Over the past 18 months, the company has also renovated its Platteville operation to increase its pastureland from 325 to 400 acres and make other improvements, Tuitele said.
“Any lawsuits claiming the milk we were selling was not organic have no merit,” she said.
Aurora itself has been sued by some consumers, but lawsuits filed in federal court in Denver, Seattle, Minneapolis and San Francisco in the last two weeks are the first to accuse the retailers of misleading their customers into paying higher prices for milk they believed was organic.
Several of the companies declined to comment or did not respond to requests for comment, but Target, of Minneapolis, said it stands behind Aurora’s organic milk, which it sells as Archer Farms.
“This lawsuit is inconsistent with the fact that the USDA has reviewed and confirmed the organic certification of Aurora dairy farms and its products,” the company said. “It is disappointing that these types of lawsuits are attempting to override the USDA and regulate the organic industry and retailers with their own beliefs of what constitutes an organic product.”
But Mark Kastel, co-founder of the Cornucopia Institute in Wisconsin, said overriding the USDA is exactly what’s needed. The USDA should have revoked Aurora’s certification, he said. The Cornucopia Institute is not involved in the lawsuits, but investigated Aurora and brought it to the USDA’s attention, and Kastel said his group plans to sue the USDA for acting in an arbitrary and capricious manner in granting Aurora a “sweetheart deal.”
He also said Cornucopia repeatedly told the sued companies about Aurora’s practices.

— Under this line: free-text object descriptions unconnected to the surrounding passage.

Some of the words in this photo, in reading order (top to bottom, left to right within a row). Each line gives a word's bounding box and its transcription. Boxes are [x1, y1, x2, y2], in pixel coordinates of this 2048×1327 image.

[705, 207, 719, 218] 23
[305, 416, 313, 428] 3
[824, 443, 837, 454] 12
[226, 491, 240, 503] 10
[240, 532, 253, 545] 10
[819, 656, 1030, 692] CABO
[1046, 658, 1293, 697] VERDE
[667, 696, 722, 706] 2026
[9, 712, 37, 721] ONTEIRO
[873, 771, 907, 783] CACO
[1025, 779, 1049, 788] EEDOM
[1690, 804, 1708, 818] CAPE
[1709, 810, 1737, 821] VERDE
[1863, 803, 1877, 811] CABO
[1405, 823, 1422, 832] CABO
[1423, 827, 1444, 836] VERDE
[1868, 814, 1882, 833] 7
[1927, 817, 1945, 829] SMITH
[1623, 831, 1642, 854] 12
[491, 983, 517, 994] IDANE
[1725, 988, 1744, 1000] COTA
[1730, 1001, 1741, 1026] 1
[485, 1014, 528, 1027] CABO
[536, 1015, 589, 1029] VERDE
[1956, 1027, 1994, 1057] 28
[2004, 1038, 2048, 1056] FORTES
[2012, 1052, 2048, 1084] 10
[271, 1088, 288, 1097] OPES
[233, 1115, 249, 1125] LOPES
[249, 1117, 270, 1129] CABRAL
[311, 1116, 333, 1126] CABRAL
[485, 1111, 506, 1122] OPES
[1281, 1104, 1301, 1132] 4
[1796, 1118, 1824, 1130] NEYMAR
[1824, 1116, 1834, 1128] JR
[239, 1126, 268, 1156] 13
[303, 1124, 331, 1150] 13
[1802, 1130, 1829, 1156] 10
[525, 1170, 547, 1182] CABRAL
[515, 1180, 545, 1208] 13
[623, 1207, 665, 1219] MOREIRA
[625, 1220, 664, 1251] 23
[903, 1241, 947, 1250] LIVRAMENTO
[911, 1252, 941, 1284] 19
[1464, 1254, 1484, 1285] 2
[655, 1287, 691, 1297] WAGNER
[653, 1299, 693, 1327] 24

“The USDA is ultimately responsible … but it does not absolve the retailers from doing due diligence to make sure what they’re representing is accurate, especially when they’re putting their own name on the label,” he said. “People who buy organic think built into that organic price is a different kind of environmental ethic, a more humane animal husbandry standard, and economic justice for family farmers. So when they find out otherwise … they feel ripped off and betrayed, and rightfully so.”
A USDA representative could not be reached after hours Wednesday, but the agency said in announcing the settlement it would ensure “that milk labeled as organic in the supermarket is indeed organic.”